Il est également désormais possible d’accéder à la formation certifiante de technicien valoriste.
Enfin, nous pouvons aussi mentionner la démarche QUALIBAT avec la mise en place de sa qualification « Déconstruction Sélective » pour accompagner les entreprises chargées des travaux de dépose.

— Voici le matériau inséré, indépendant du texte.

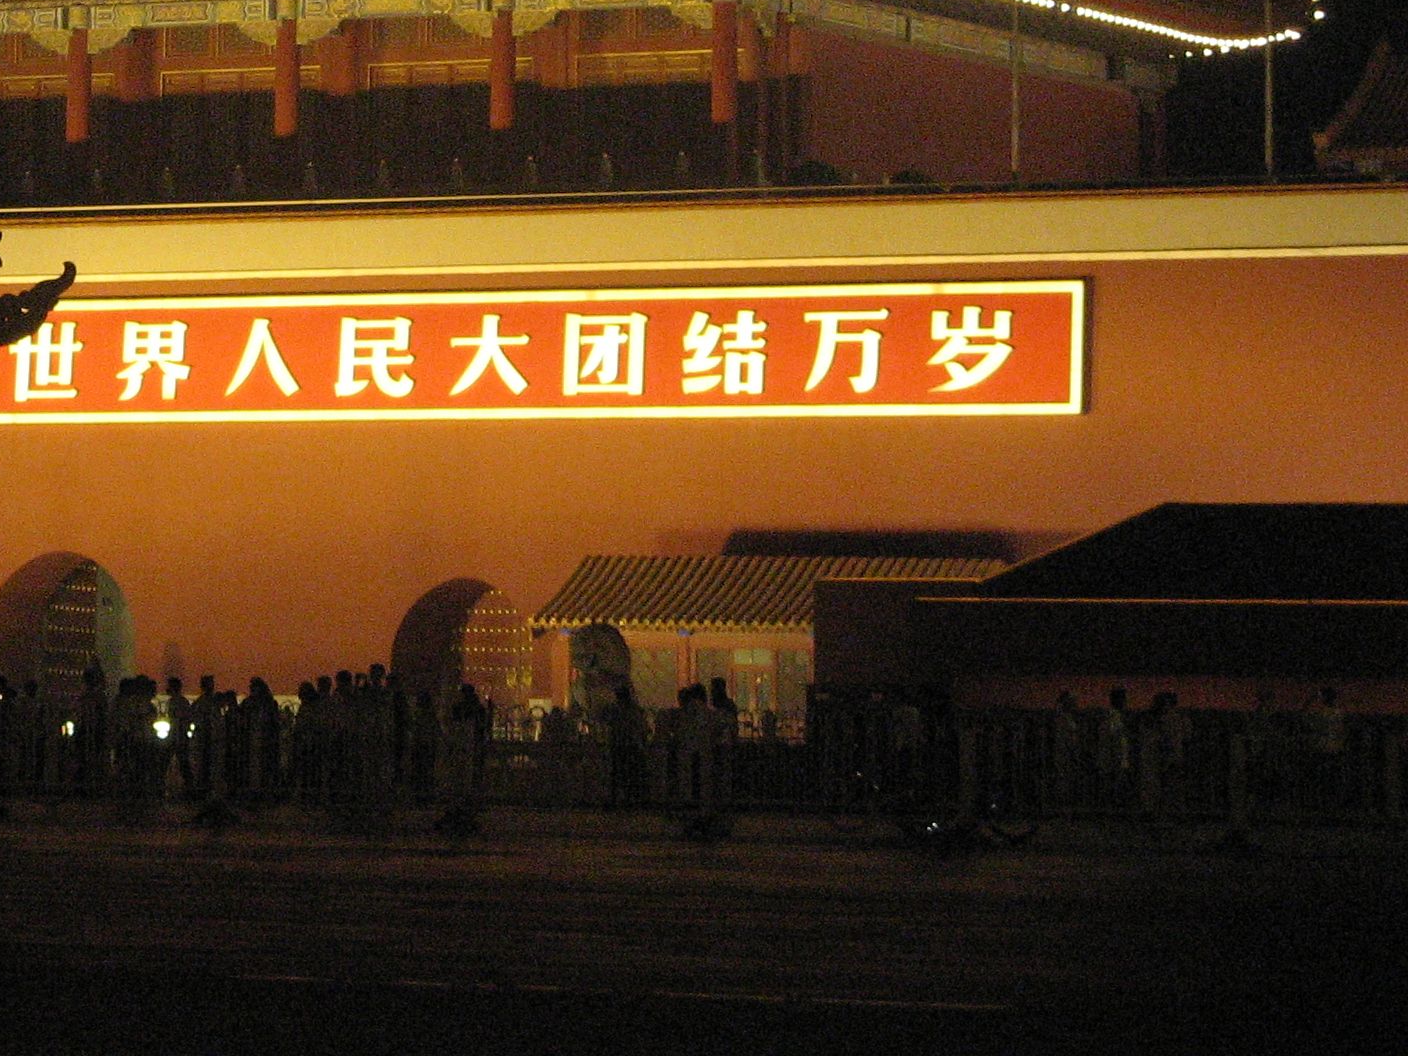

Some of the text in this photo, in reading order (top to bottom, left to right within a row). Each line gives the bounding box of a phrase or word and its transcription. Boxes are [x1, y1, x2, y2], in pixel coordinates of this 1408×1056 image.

[8, 305, 1014, 403] 世界人民大团结万岁
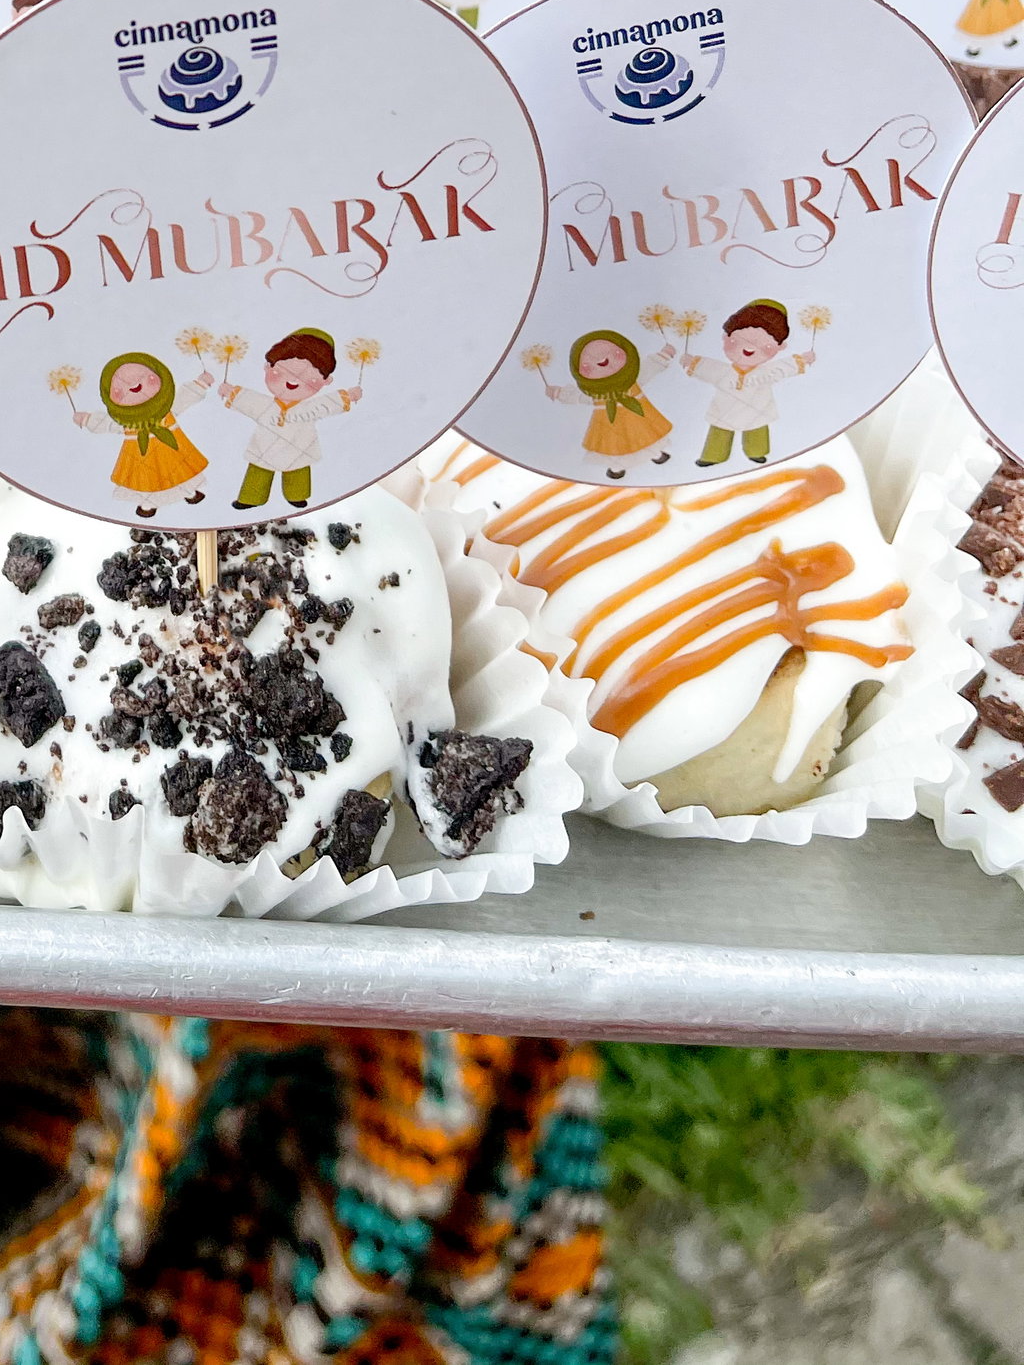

Il s’agit de la qualification 1162.

 

Pour conclure

Le réemploi participe à la bonne gestion indispensable de nos ressources et de nos consommations. 
Cette démarche est également encouragée par la RE2020 qui lui attribue une nullité carbone.
Si le réemploi est aujourd’hui encouragé, il deviendra incontournable dans les années à venir.
Aussi, nous devons l’accompagner au mieux afin que cette filière s’organise et se pérennise.
La SMABTP s’est engagée dans cette démarche pour aider ses sociétaires dans cette évolution nécessaire mais également pour aider au développement des outils en participant aux groupes de travail des organismes publics et professionnels.
Concepteurs comme entreprises disposent maintenant de plusieurs outils destinés à leur faciliter la démarche.
Plusieurs fiches et guides de réemploi sont ainsi en cours de diffusion, documents issus de plusieurs groupes de travail tels que SPIROU (Sécuriser les pratiques innovantes de réemploi via une offre unifiée), FBE (Fondation Bâtiment Energie) ou le projet européen FCRBE (Faciliter la circulation des éléments de construction récupérés en Europe du Nord-Ouest).
La traçabilité et la qualification des produits concernés, la présence d’équipes formées et expérimentées, constituent des points forts au bon développement de cette activité et à leur assurabilité.
Le réemploi reste aujourd’hui majoritairement en Technique Non Courante même si une évolution commence à se faire vers la technique courante.
Il est donc nécessaire que les maîtres d'ouvrage et entreprises consultent encore aujourd’hui systématiquement leurs assureurs respectifs pour les Marchés comportant du réemploi.
Les concepteurs devront les y inciter afin d’obtenir des attestations d’assurance spécifiques dédiées au réemploi pour les projets concernés.